The monastery peasants were also in serfdom. In 1764, approx. 2 million peasants and transferred them to the jurisdiction of the College of Economy. These peasants (they were called economic) received part of the monastery lands as allotments; corvée was replaced by monetary rent in favor of the treasury. But the monasteries retained large land holdings until 1917.

Close in their position to the landowners were the peasants who belonged to the grand ducal and later royal family, or “palace.” They were called “palace warriors”. In 1797, the Department of Appanages was approved to manage the palace peasants, royal estates and palaces, and the peasants began to be called appanages. By this time there were 463 thousand male souls and the number was constantly increasing. They were bought from landowners, some of the state-owned peasants were transferred to the inheritance. To the beginning 1860s there were already approx. appanage peasants. 2 million

However, not all the peasantry were enslaved. All R. 19th century OK. 19 million people, i.e., slightly less than the number of landowner peasants, were state or state peasants who belonged to the state (treasury). This was a legally free, but state-dependent category of peasants. They received a plot of land for use, for which they bore duties in the form of a monetary rent. Although state peasants were personally free, they were limited in their right to move to other classes. They were forbidden to move to other parts of the country, engage in farming, contracting, wholesale trade, or open industrial establishments. Until 1861, they did not have the right to acquire land ownership, acquire real estate in their own name, establish factories and factories, did not have the right to go to work without the permission of the specific authorities, and could not defend their interests in court.

The legal status of state peasants took shape in the beginning. 18th century in connection with the military and financial reforms of Peter I. The name “state peasants” first appeared in Peter’s decrees of 1724. Previously, they were called “black-plow peasants” (the term arose in the 14th century from the words “black plow”, i.e. taxable, heavy plow). From the beginning 18th century the number of state peasants increased. Various groups were included in this category rural population both the original Russian territories and the peasants of the lands recently included in Russian state: Baltic states, Lithuania, Belarus, Ukraine, Transcaucasia. The state peasants also included economic peasants, since the College of Economy was abolished in 1786, as well as peasants taken from the Polish gentry after the uprising of 1830-1831; residents of “out-of-state” cities that lost their city status due to their abolition as administrative centers. The state peasants also included “ladles” - peasants from the northern regions who did not have land and rented it for half the harvest; the peoples of the Volga region, the Urals and Siberia, subject to natural tribute (yasak) and, in addition to it, monetary and some in-kind duties. The state peasants were the tsaranes in Moldova (from the Moldavian word “tsara” - land, i.e. farmers).

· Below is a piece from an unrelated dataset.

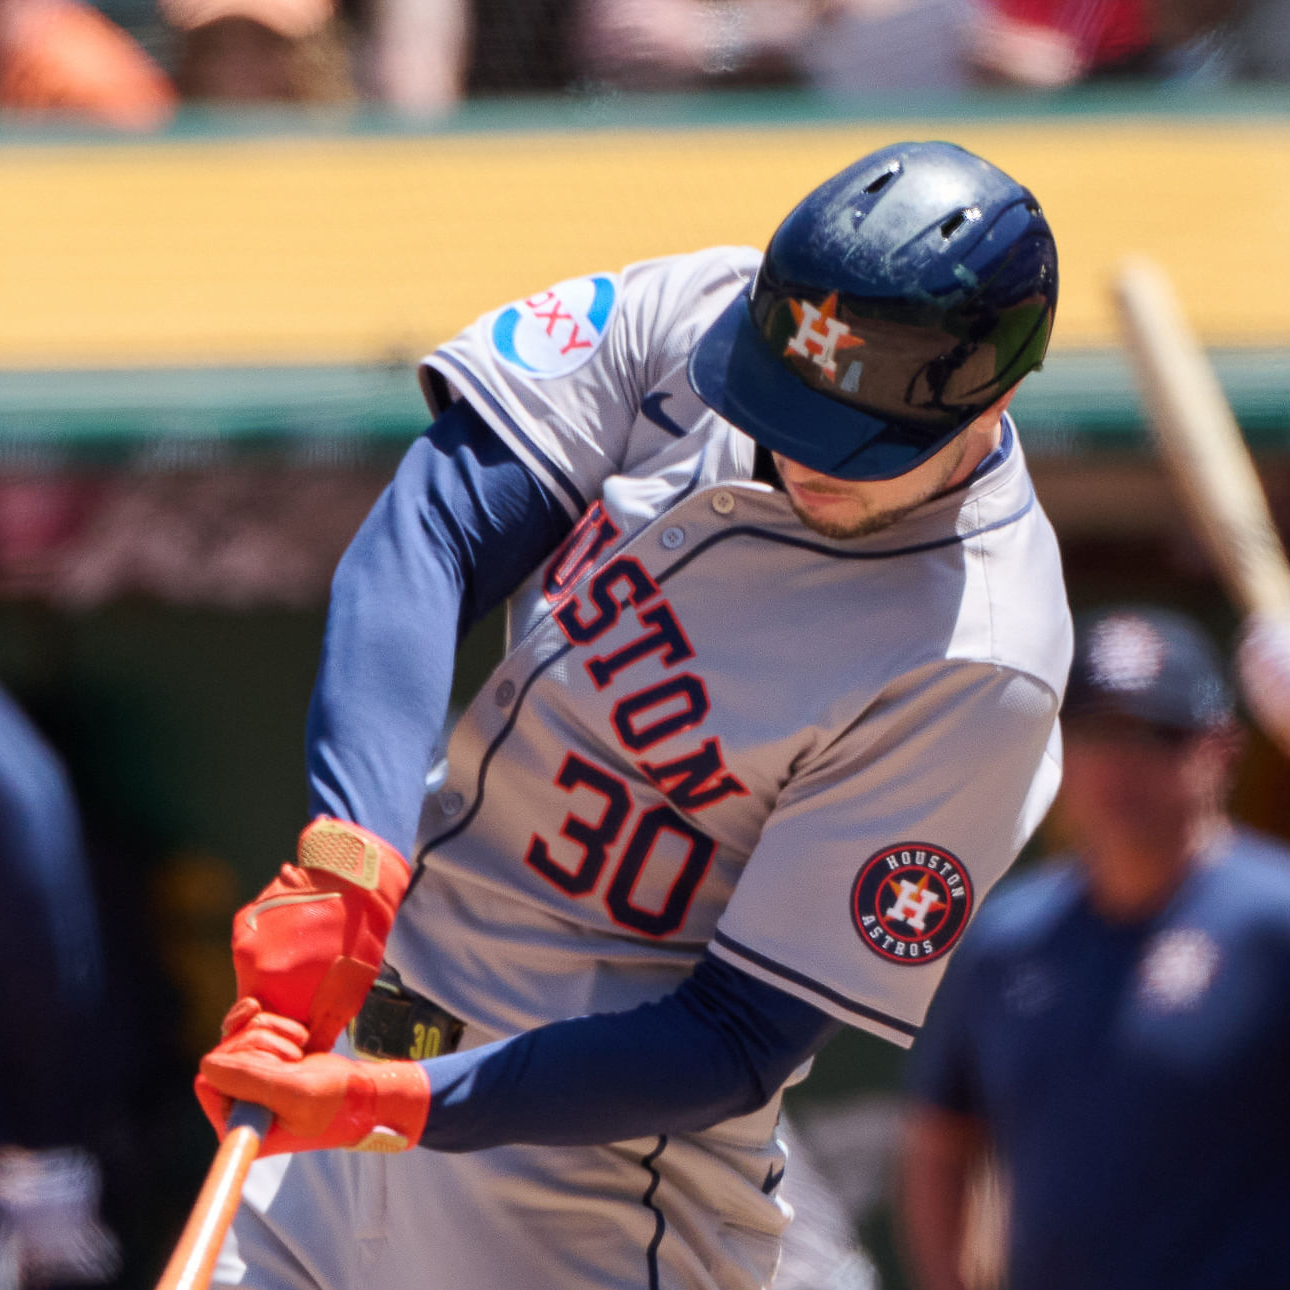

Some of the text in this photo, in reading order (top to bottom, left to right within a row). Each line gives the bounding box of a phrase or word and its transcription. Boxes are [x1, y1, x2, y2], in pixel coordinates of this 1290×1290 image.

They lived on the lands of landowners and monasteries, paid them a tenth of the income from the allotment and worked corvée for 12 days a year for each household. To manage state peasants, the Ministry of State Property was established in 1837. Its head, P. D. Kiselev, a supporter of the abolition of serfdom, carried out the campaign in 1837-1841. reform of the state village.

The abolition of serfdom in 1861 and the implementation of agrarian reforms in the appanage villages in 1863 and in the state villages in 1866 equalized the legal status of various categories of the peasantry. Former landowners and appanage peasants received the same rights as state ones, and unified administration was established in the villages. Zemstvo and judicial reforms introduced peasants into the local government and courts. However, even in post-reform period differences between the peasants continued to exist: the quality of allotment land, the size of payments, the terms of redemption of plots, the nature of land ownership, etc. were different. But all these differences that developed in the feudal era were replaced by the process of social division of the peasantry into the poorest majority, characteristic of capitalism and a wealthy minority.

School encyclopedia. Moscow, "OLMA-PRESS Education". 2003

Vasily Maksimovich Maksimov.
"The Arrival of a Sorcerer at a Peasant Wedding."
1875.


But why in ancient Russian literature Is there an expression “resurrect fire”? To ignite is understandable, but to resurrect? CROSS - A CROSS that knocks fire out of stone! Then the CROSS was the kindling of life, and by the way, the farmers were called CROSSES, that is, the kindling of life on earth!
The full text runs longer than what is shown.